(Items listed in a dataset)
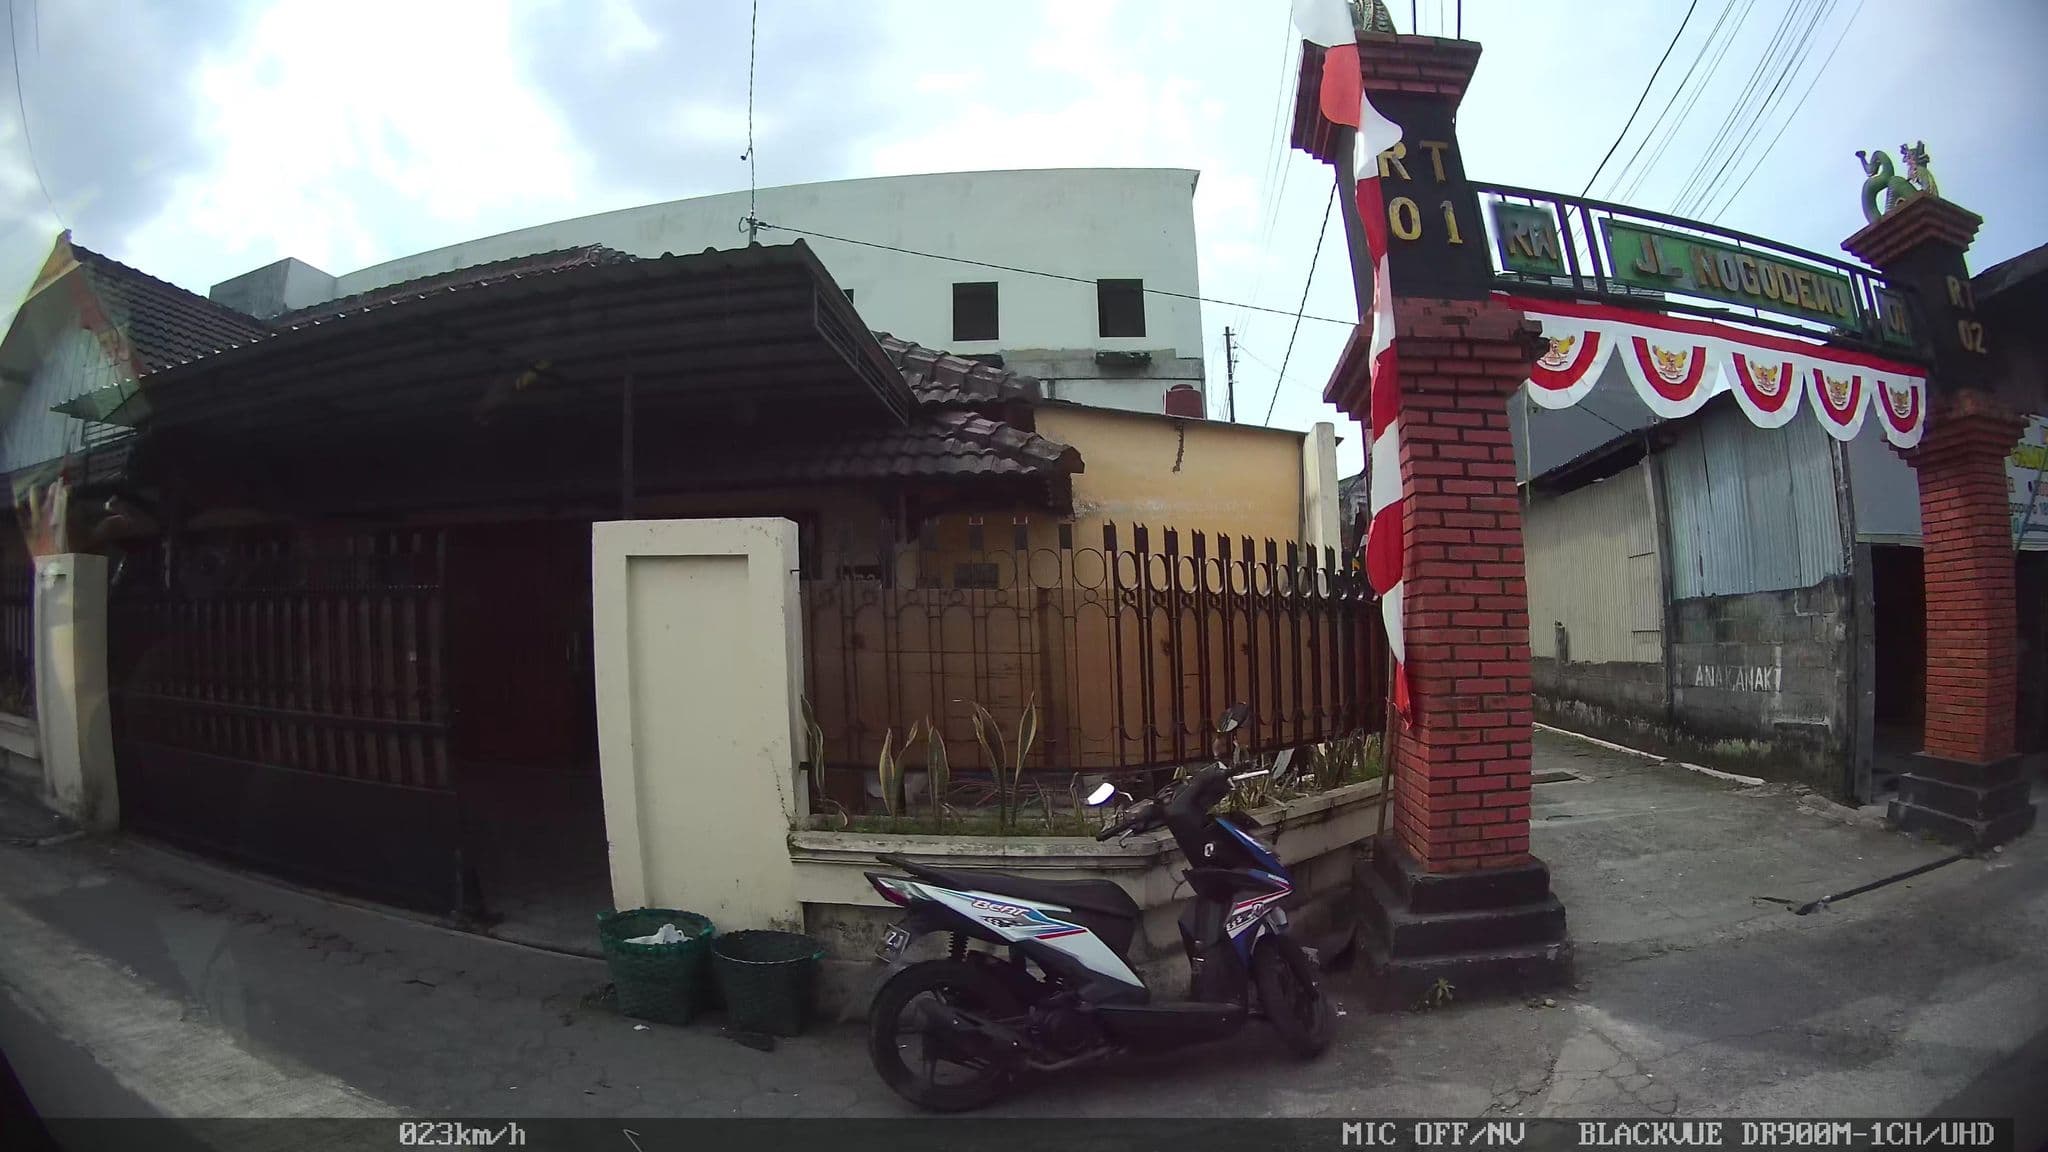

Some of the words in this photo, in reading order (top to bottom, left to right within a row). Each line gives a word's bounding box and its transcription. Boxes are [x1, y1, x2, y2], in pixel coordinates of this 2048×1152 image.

[1378, 140, 1448, 183] RT
[1388, 196, 1463, 244] 01
[1502, 219, 1558, 261] RW
[1957, 318, 1987, 354] 02

- **Problem details**
Transcribe the entries word for word, without their pictures.

- **Task output**
Some of the words in this photo, in reading order (top to bottom, left to right within a row). Each line gives a word's bounding box and its transcription. Boxes are [x1, y1, x2, y2], in pixel coordinates of this 2048×1152 image.

[1378, 140, 1448, 183] RT
[1388, 196, 1463, 244] 01
[1502, 219, 1558, 261] RW
[1957, 318, 1987, 354] 02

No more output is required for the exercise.